A sign that a comedy has done something special is when everyone can quote half the movie word for word. But ask them what it’s actually about, and they’ll look nonplussed. White Chicks has that written all over it.

Say the title, and most minds go straight to Terry Crews rocking A Thousand Miles while someone else is yelling, “Hold my poodle!” The actual plot? Believe it or not, there is one.

It starts with FBI brothers Kevin and Marcus Copeland, played by Shawn and Marlon Wayans, making a spectacular dog’s dinner of a drug bust. They are one cock-up away from collecting their belongings in a cardboard box when they are handed one last chance: protect billionaire sisters Brittany and Tiffany Wilson from kidnappers during a posh Hamptons weekend.

Simple enough, right? Of course it isn’t. Otherwise, we’d all be watching Law & Order. After a tiny car accident leaves the Wilson sisters throwing a diva-level strop over a couple of scratches, they refuse to show their faces in public. The entire operation is suddenly hanging by a thread, and our two geniuses come up with a plan so unbelievably daft it loops right back around to brilliant.

So they become the sisters. That means layers of prosthetics and blonde wigs with designer dresses and more than enough confidence to convince everyone around them that this plan isn’t completely barking. Honestly, the wigs are the least unbelievable part of the operation.

Once they’re undercover, the film couldn’t care less about the kidnappers half the time. Nah, the real danger is brunches. Fashion shows. Catty socialites who can smell insecurity from ten miles away.

Arresting criminals suddenly sounds easy, doesn’t it? But the slapstick is where the joke comes from, you see. It’s not just two blokes dressed up as rich women. It’s watching two hard-as-nails FBI agents discover they’ve got absolutely no chance of surviving in a world where looks are everything. And to Black dudes pretending to be two posh girls, what can be more hilarious?

And can we talk about Terry Crews? The moment he shows up, the film gets even louder. Every scene he is in is absolute bedlam, but that A Thousand Miles singalong? Ah, forget about it. That’s not even just a film scene anymore… It is basically public property. Loads of people know every lyric and couldn’t tell you what happens in the last twenty minutes.

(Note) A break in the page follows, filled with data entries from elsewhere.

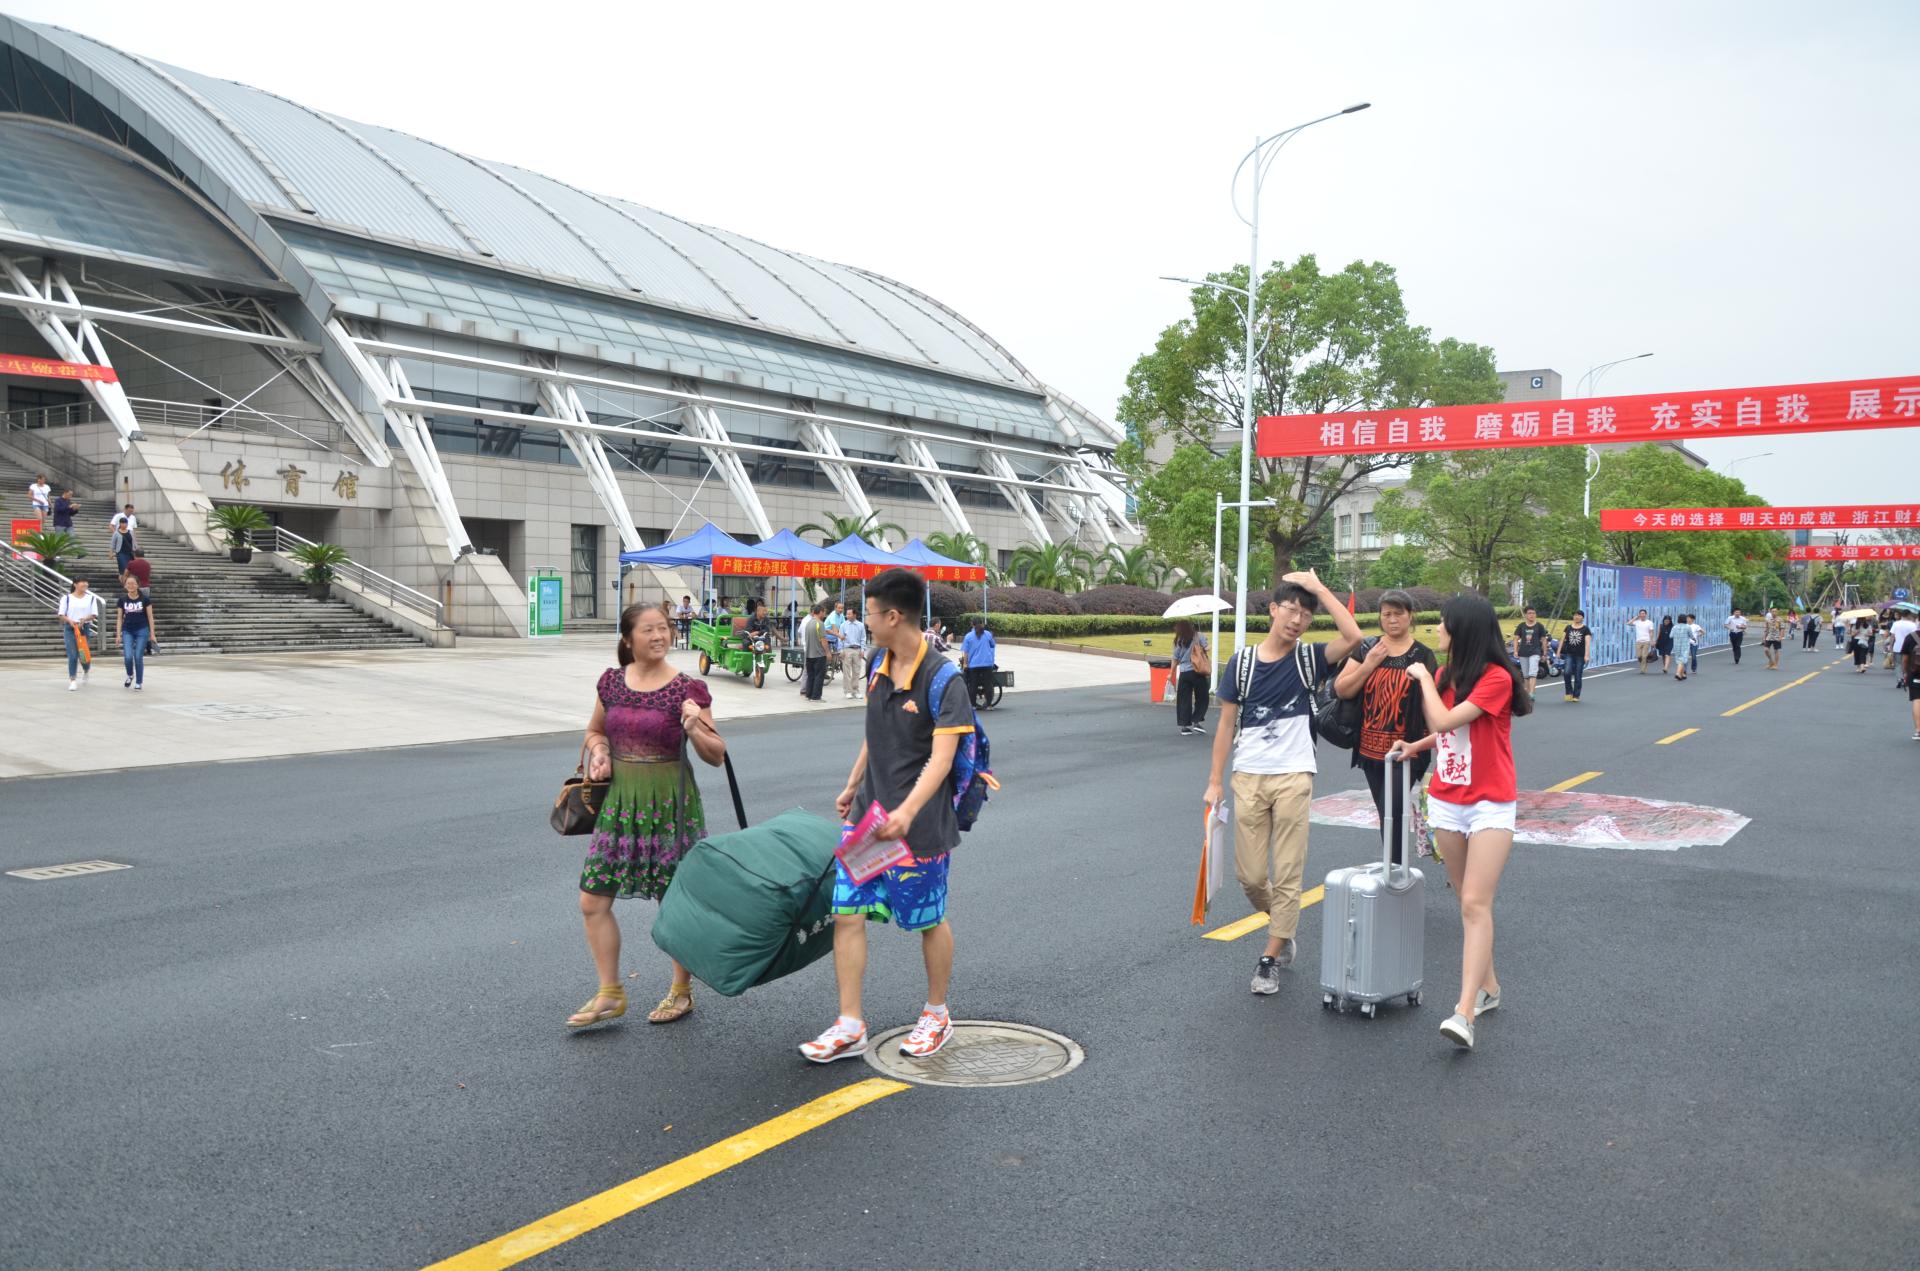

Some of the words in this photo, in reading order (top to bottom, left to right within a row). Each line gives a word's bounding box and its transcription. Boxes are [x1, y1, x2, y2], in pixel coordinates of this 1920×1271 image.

[1532, 377, 1541, 387] C
[1320, 416, 1446, 446] 相信自我
[1474, 406, 1616, 439] 磨砺自我
[1651, 394, 1809, 431] 充实自我
[1847, 388, 1920, 419] 展示
[220, 459, 359, 500] 体育馆
[1633, 512, 1724, 526] 今天的选择
[1740, 511, 1836, 525] 明天的成就
[1852, 510, 1920, 524] 浙江财
[723, 558, 788, 574] 户籍迁移办理区
[803, 562, 858, 577] 户籍迁移办理区
[937, 568, 976, 579] 休息区
[124, 601, 143, 610] LOVE
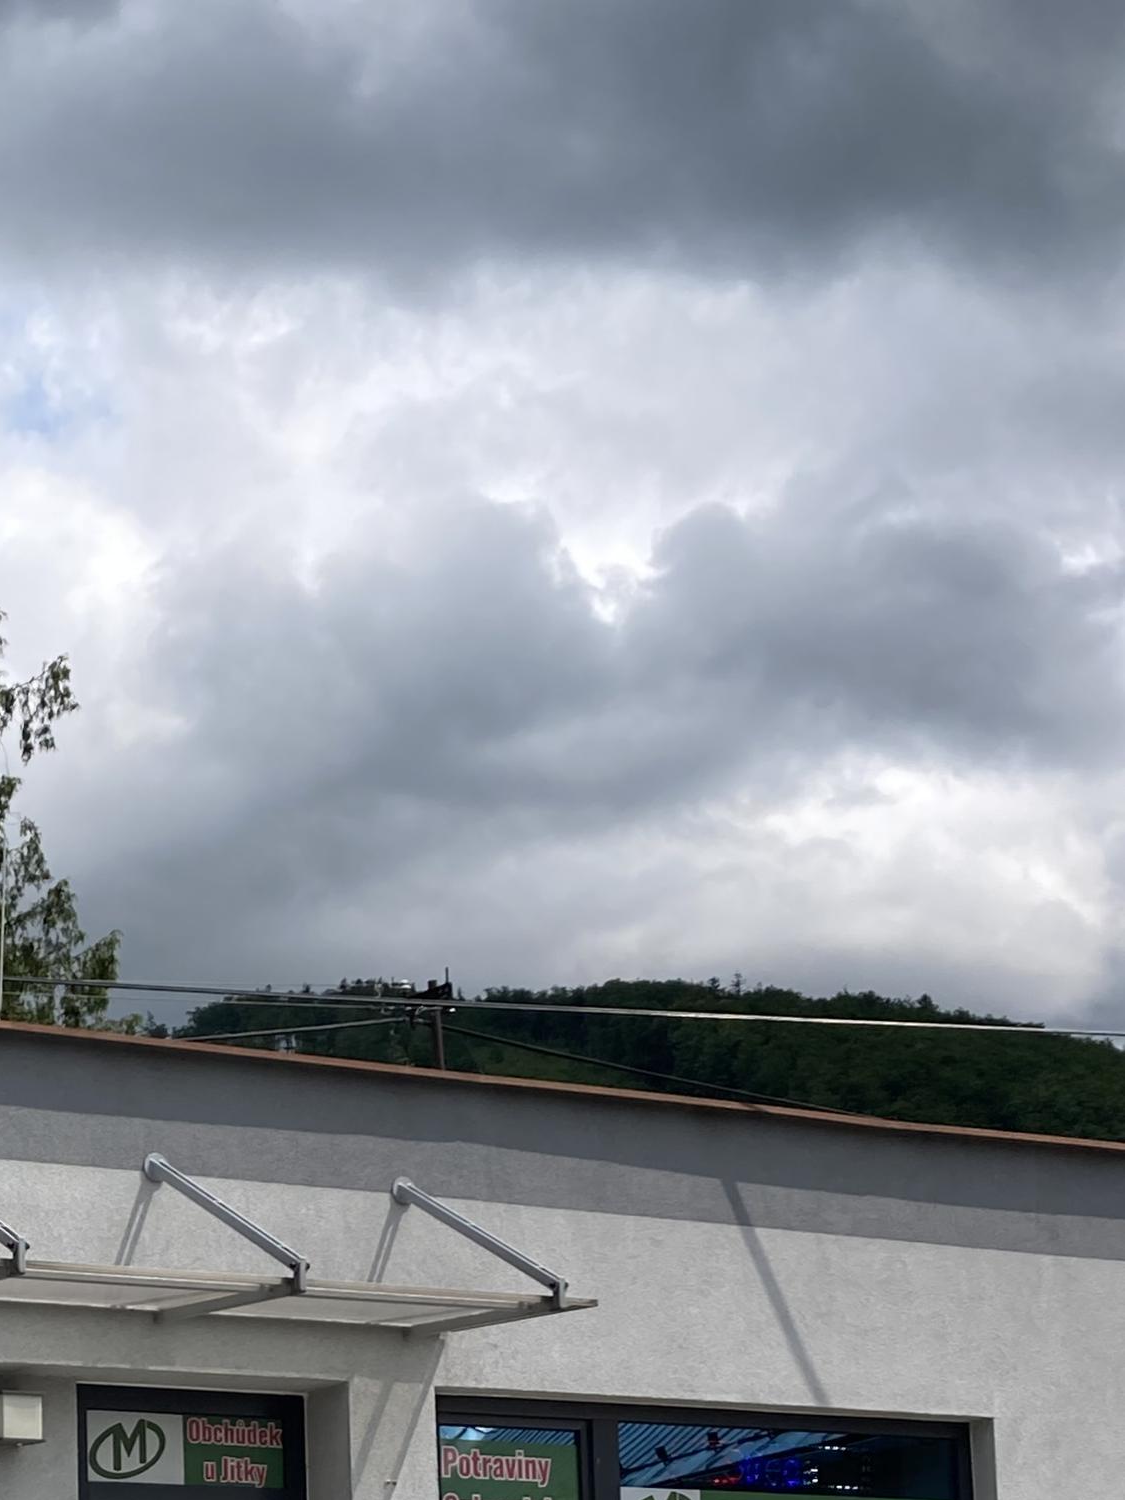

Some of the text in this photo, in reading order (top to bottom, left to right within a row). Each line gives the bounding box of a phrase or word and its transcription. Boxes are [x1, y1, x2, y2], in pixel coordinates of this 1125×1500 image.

[187, 1417, 283, 1447] Obchůdek
[203, 1456, 268, 1488] u Jitky
[442, 1446, 551, 1487] Potraviny
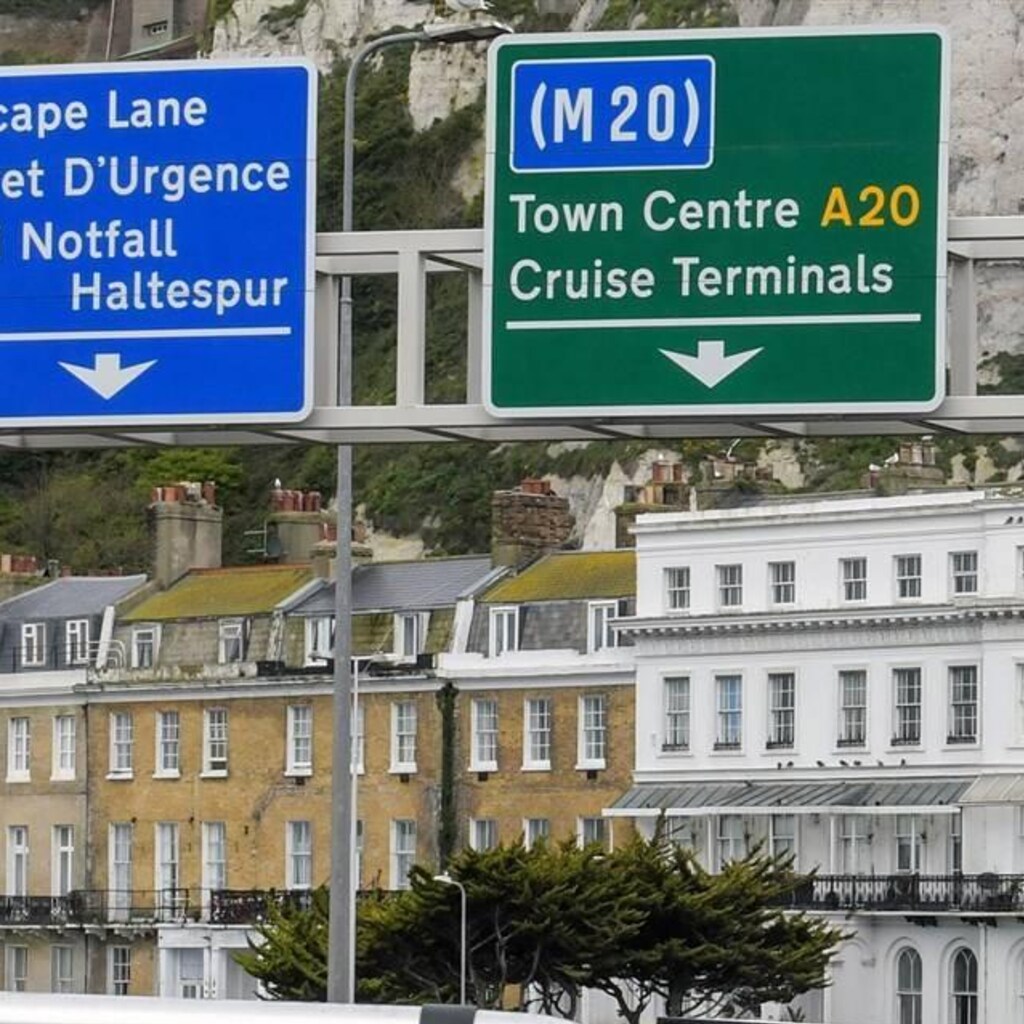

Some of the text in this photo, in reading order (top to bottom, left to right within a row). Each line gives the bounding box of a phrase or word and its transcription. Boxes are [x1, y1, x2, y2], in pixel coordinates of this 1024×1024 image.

[108, 89, 208, 129] Lane
[64, 155, 290, 202] D'Urgence
[509, 184, 920, 234] Town Centre A20
[22, 217, 178, 261] Notfall
[71, 270, 288, 315] Haltespur
[509, 254, 894, 300] Cruise Terminals
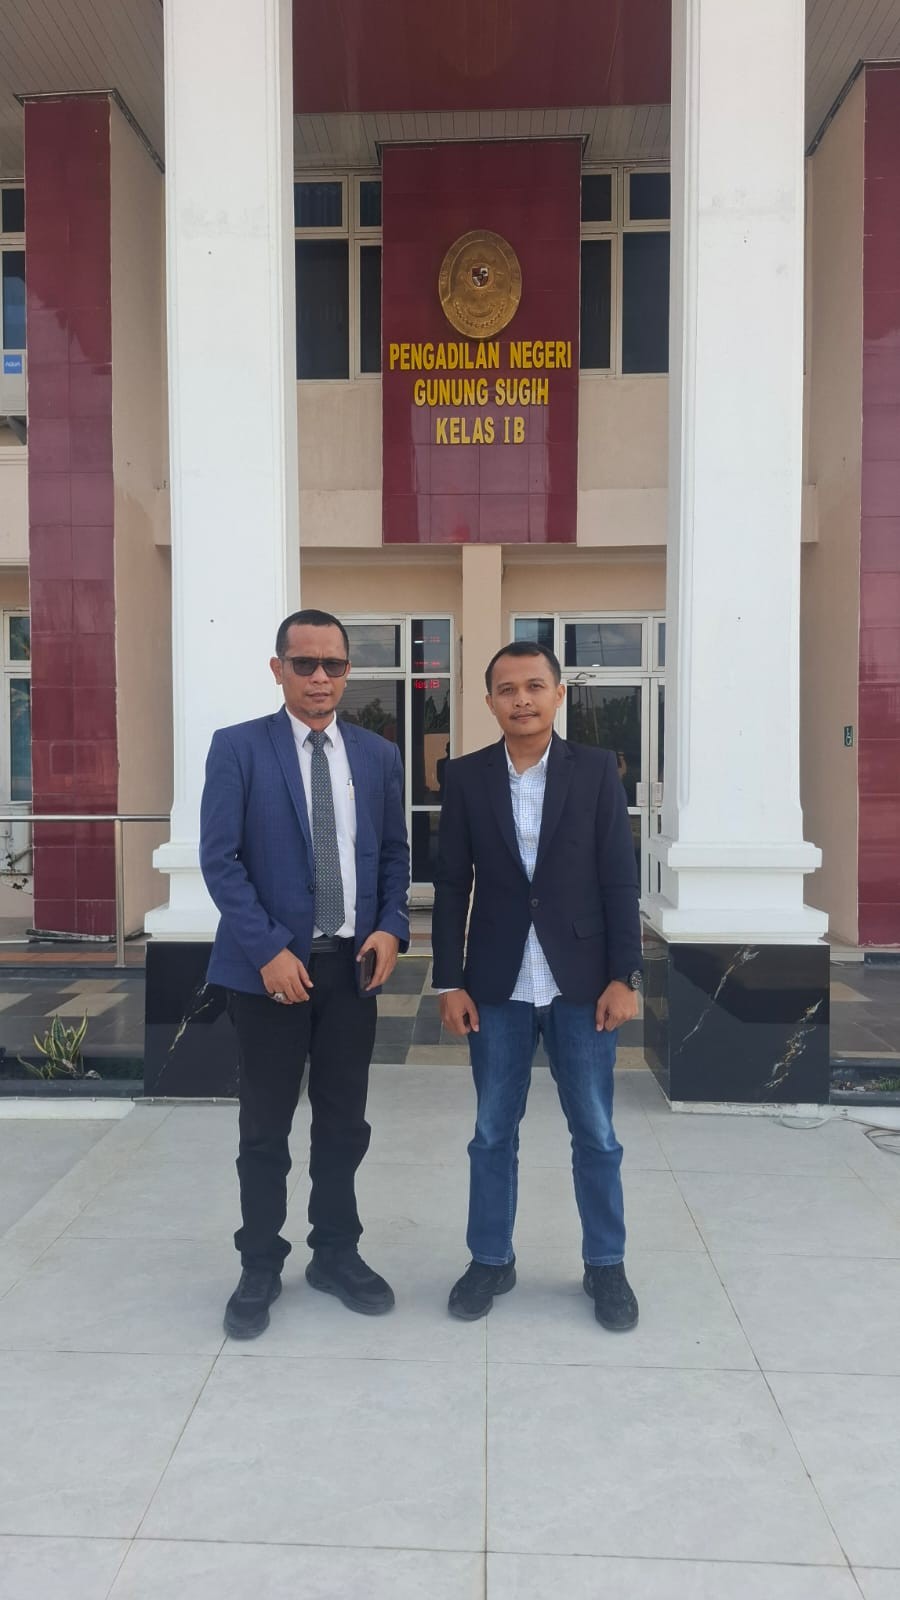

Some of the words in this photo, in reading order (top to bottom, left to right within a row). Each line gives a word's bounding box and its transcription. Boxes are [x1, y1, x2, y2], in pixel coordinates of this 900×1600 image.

[389, 341, 500, 370] PENGADILAN
[510, 341, 572, 369] NEGERI
[414, 378, 489, 406] GUNUNG
[495, 378, 549, 406] SUGIH
[436, 416, 495, 444] KELAS

The weirdest thing is critics didn’t like it so much, but audiences? They couldn’t have cared less. They found it on DVD, caught it at two in the morning on TV, watched it at sleepovers, quoted it to death, and turned it into a cult classic.

Now look, is every joke still a winner twenty-odd years later? Nah, of course not. But White Chicks never survived because it was classy. It survived because it committed to one absolutely bonkers idea with confidence. And somehow… against all logic… it works.

Now it’s climbing Netflix’s charts all over again, which just proves one thing: never underestimate a film that’s completely off its trolley. Sometimes the daftest idea in the room ends up sticking around the longest… and White Chicks is all the proof you need.